* [WORKING DATA]

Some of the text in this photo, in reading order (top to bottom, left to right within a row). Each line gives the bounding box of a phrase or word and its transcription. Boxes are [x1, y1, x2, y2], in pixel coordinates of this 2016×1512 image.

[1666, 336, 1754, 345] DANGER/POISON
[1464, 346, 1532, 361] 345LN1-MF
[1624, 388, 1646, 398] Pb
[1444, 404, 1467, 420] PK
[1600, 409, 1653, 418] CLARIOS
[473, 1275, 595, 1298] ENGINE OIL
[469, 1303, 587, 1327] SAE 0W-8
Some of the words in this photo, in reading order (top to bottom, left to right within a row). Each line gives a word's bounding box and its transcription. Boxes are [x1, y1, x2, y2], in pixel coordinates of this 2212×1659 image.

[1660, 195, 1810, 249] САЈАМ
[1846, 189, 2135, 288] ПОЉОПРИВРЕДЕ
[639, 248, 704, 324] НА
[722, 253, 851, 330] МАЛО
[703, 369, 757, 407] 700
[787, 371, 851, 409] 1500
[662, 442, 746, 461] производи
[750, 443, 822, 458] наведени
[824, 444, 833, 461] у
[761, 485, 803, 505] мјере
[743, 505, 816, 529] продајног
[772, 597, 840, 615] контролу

* [TASK GOAL] All entries must be given again exactly.

* [OUTPUT FOR THIS TASK]
Some of the text in this photo, in reading order (top to bottom, left to right within a row). Each line gives the bounding box of a phrase or word and its transcription. Boxes are [x1, y1, x2, y2], in pixel coordinates of this 2016×1512 image.

[1666, 336, 1754, 345] DANGER/POISON
[1464, 346, 1532, 361] 345LN1-MF
[1624, 388, 1646, 398] Pb
[1444, 404, 1467, 420] PK
[1600, 409, 1653, 418] CLARIOS
[473, 1275, 595, 1298] ENGINE OIL
[469, 1303, 587, 1327] SAE 0W-8
Some of the words in this photo, in reading order (top to bottom, left to right within a row). Each line gives a word's bounding box and its transcription. Boxes are [x1, y1, x2, y2], in pixel coordinates of this 2212×1659 image.

[1660, 195, 1810, 249] САЈАМ
[1846, 189, 2135, 288] ПОЉОПРИВРЕДЕ
[639, 248, 704, 324] НА
[722, 253, 851, 330] МАЛО
[703, 369, 757, 407] 700
[787, 371, 851, 409] 1500
[662, 442, 746, 461] производи
[750, 443, 822, 458] наведени
[824, 444, 833, 461] у
[761, 485, 803, 505] мјере
[743, 505, 816, 529] продајног
[772, 597, 840, 615] контролу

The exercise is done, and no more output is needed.